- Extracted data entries
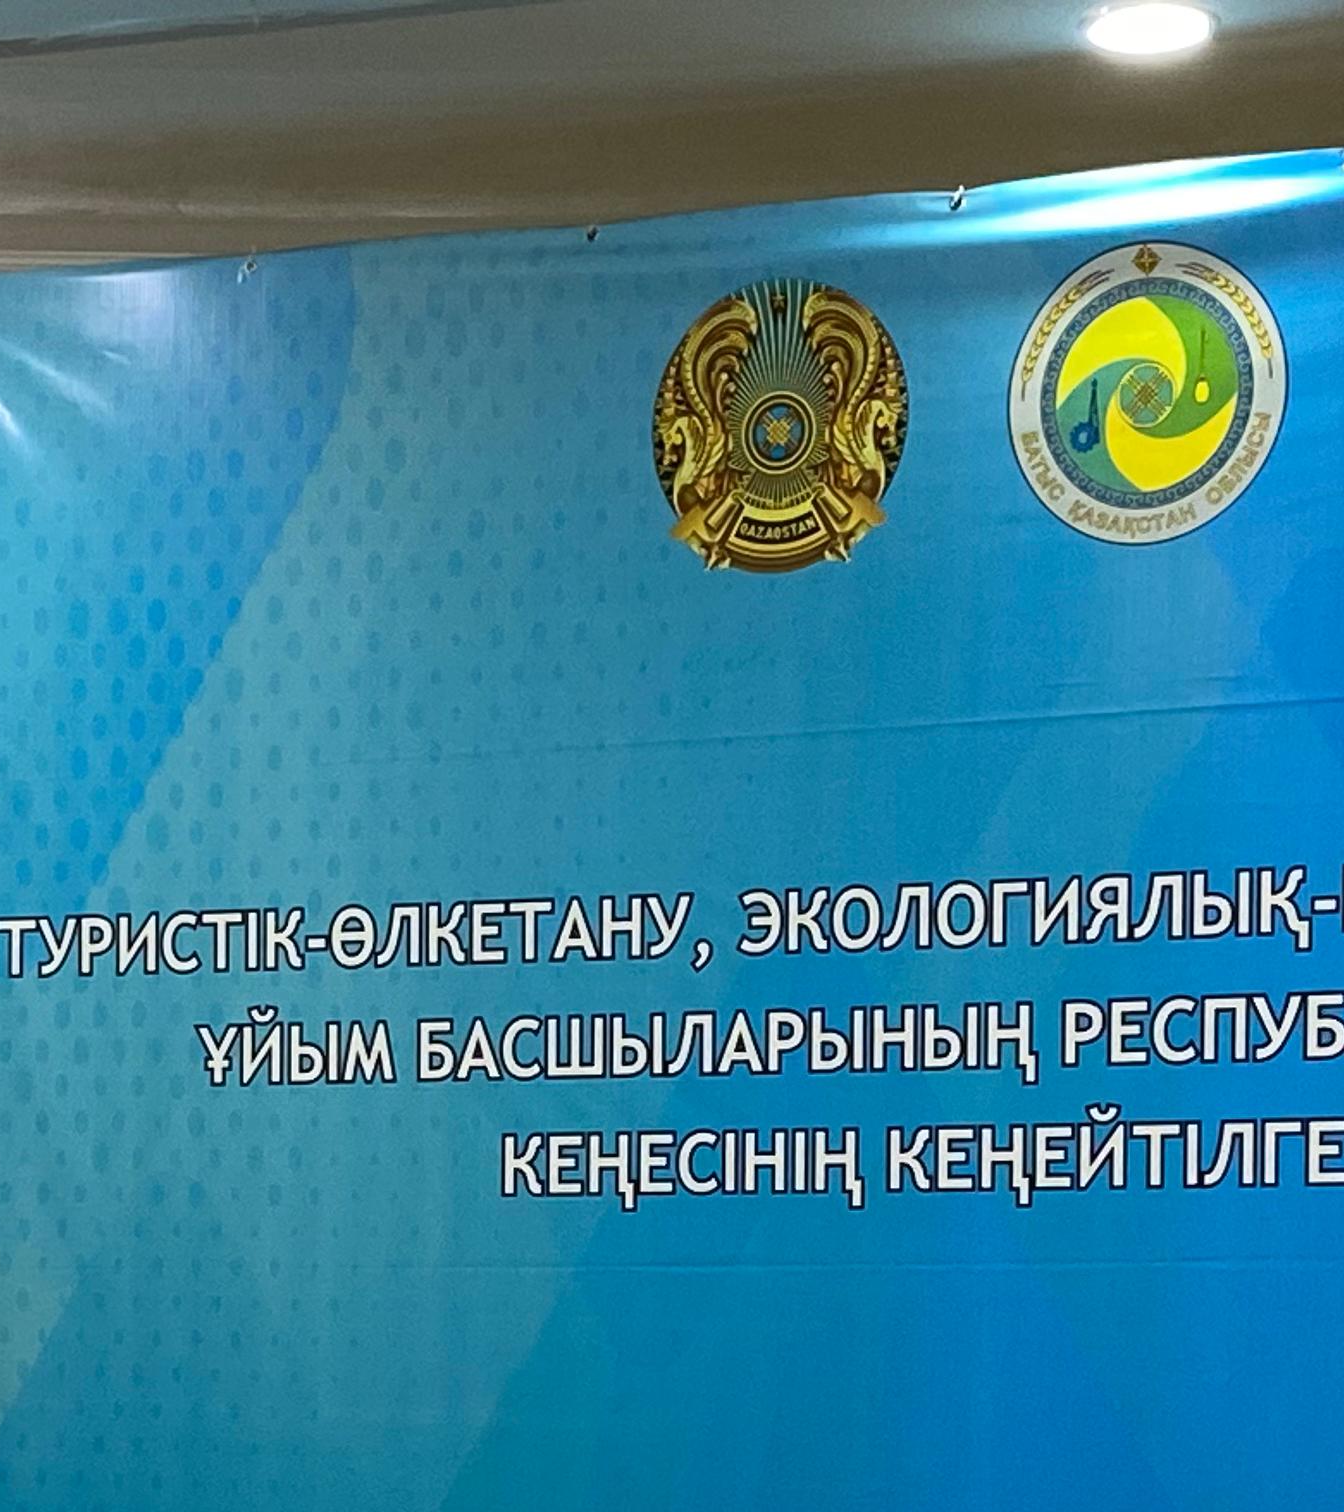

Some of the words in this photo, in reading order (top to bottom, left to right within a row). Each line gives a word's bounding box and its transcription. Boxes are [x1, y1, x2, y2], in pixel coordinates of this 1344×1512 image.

[1020, 431, 1066, 502] БАТЫС
[196, 1006, 396, 1086] ҰЙЫМ
[418, 1003, 1038, 1084] БАСШЫЛАРЫНЫҢ
[502, 1128, 864, 1211] КЕҢЕСІНІҢ
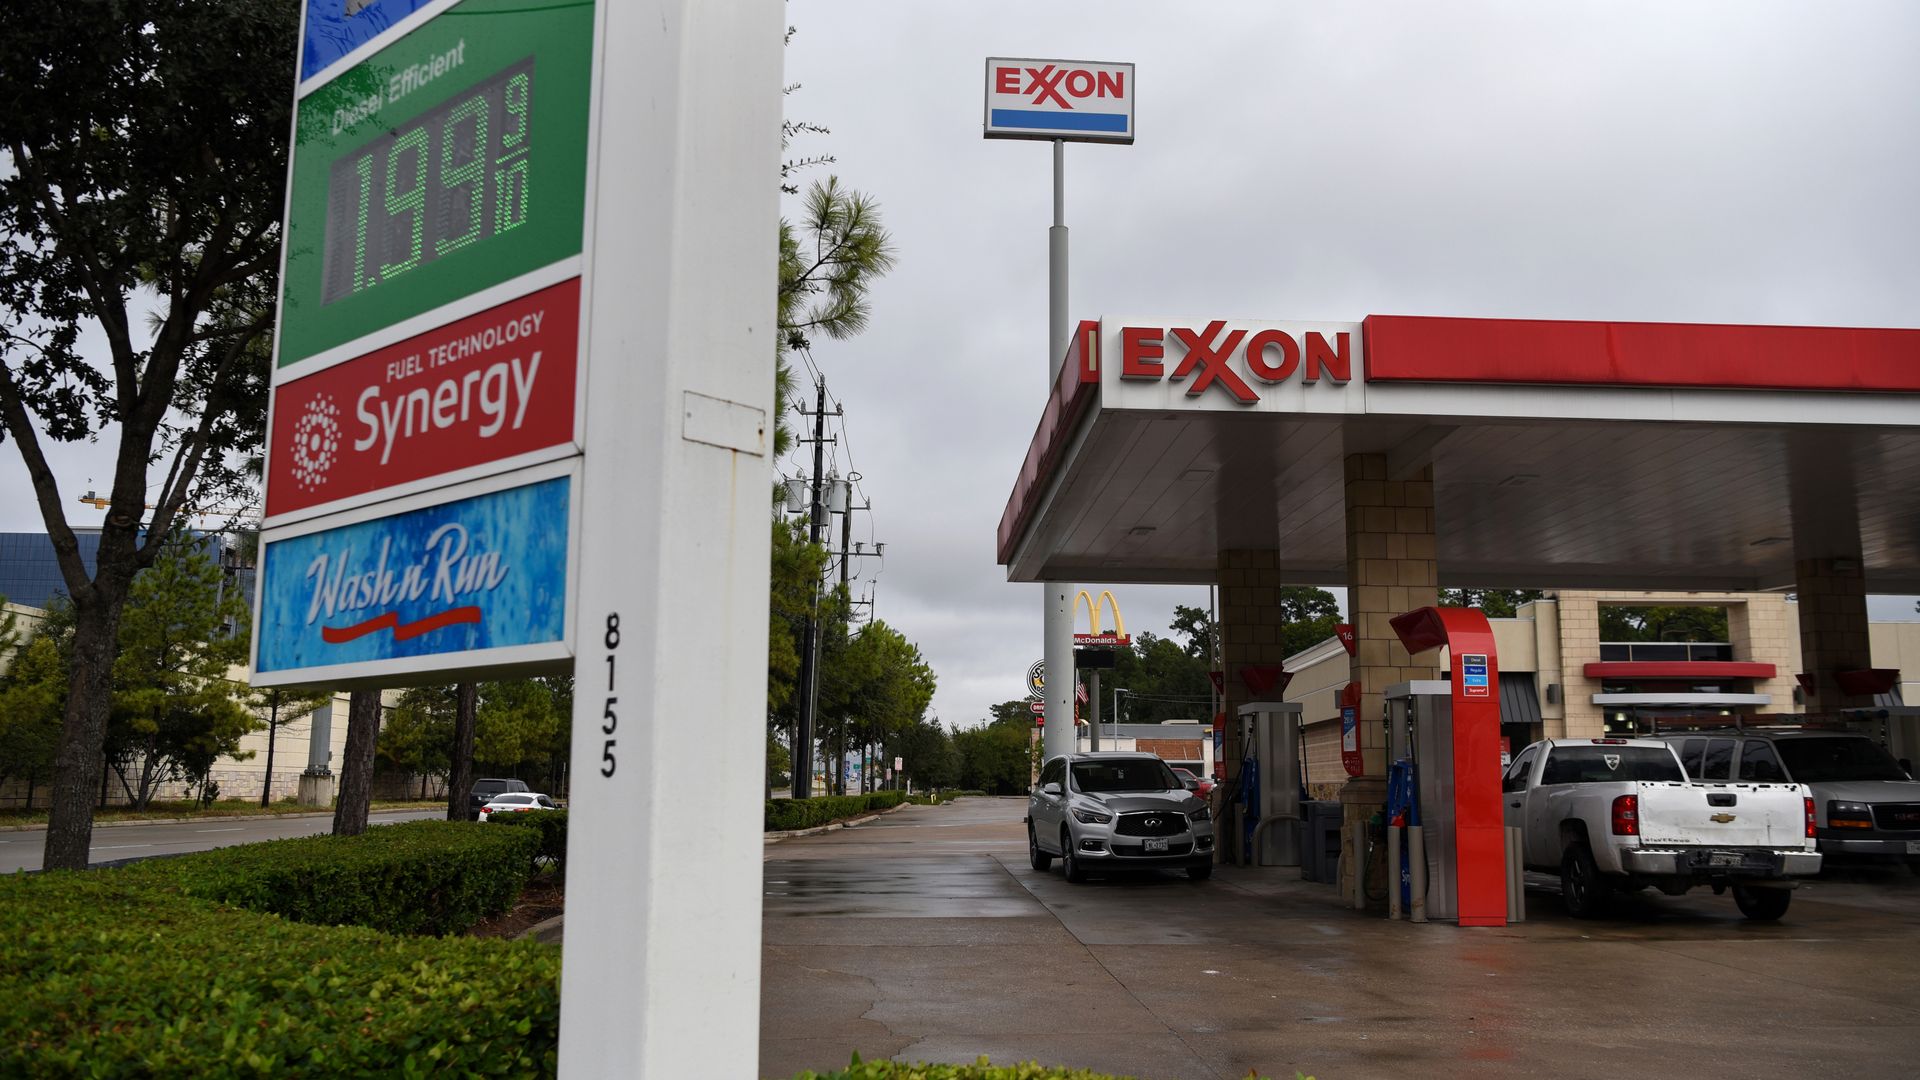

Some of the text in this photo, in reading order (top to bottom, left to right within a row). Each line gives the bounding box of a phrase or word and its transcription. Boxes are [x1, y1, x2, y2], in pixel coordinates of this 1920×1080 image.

[388, 38, 466, 104] Efficient
[995, 64, 1124, 109] EXXON
[503, 72, 529, 148] 9
[353, 95, 489, 293] 1.99
[386, 310, 545, 384] FUEL TECHNOLOGY
[1120, 320, 1352, 405] EXXON
[353, 350, 543, 466] Synergy
[305, 535, 401, 625] Wash
[425, 522, 511, 605] Run
[1342, 632, 1353, 641] 16

- Problem description
Repeat the records word for word. Any picture in them should be left out.

- Task result
Some of the words in this photo, in reading order (top to bottom, left to right within a row). Each line gives a word's bounding box and its transcription. Boxes are [x1, y1, x2, y2], in pixel coordinates of this 1344×1512 image.

[1020, 431, 1066, 502] БАТЫС
[196, 1006, 396, 1086] ҰЙЫМ
[418, 1003, 1038, 1084] БАСШЫЛАРЫНЫҢ
[502, 1128, 864, 1211] КЕҢЕСІНІҢ

Some of the text in this photo, in reading order (top to bottom, left to right within a row). Each line gives the bounding box of a phrase or word and its transcription. Boxes are [x1, y1, x2, y2], in pixel coordinates of this 1920×1080 image.

[388, 38, 466, 104] Efficient
[995, 64, 1124, 109] EXXON
[503, 72, 529, 148] 9
[353, 95, 489, 293] 1.99
[386, 310, 545, 384] FUEL TECHNOLOGY
[1120, 320, 1352, 405] EXXON
[353, 350, 543, 466] Synergy
[305, 535, 401, 625] Wash
[425, 522, 511, 605] Run
[1342, 632, 1353, 641] 16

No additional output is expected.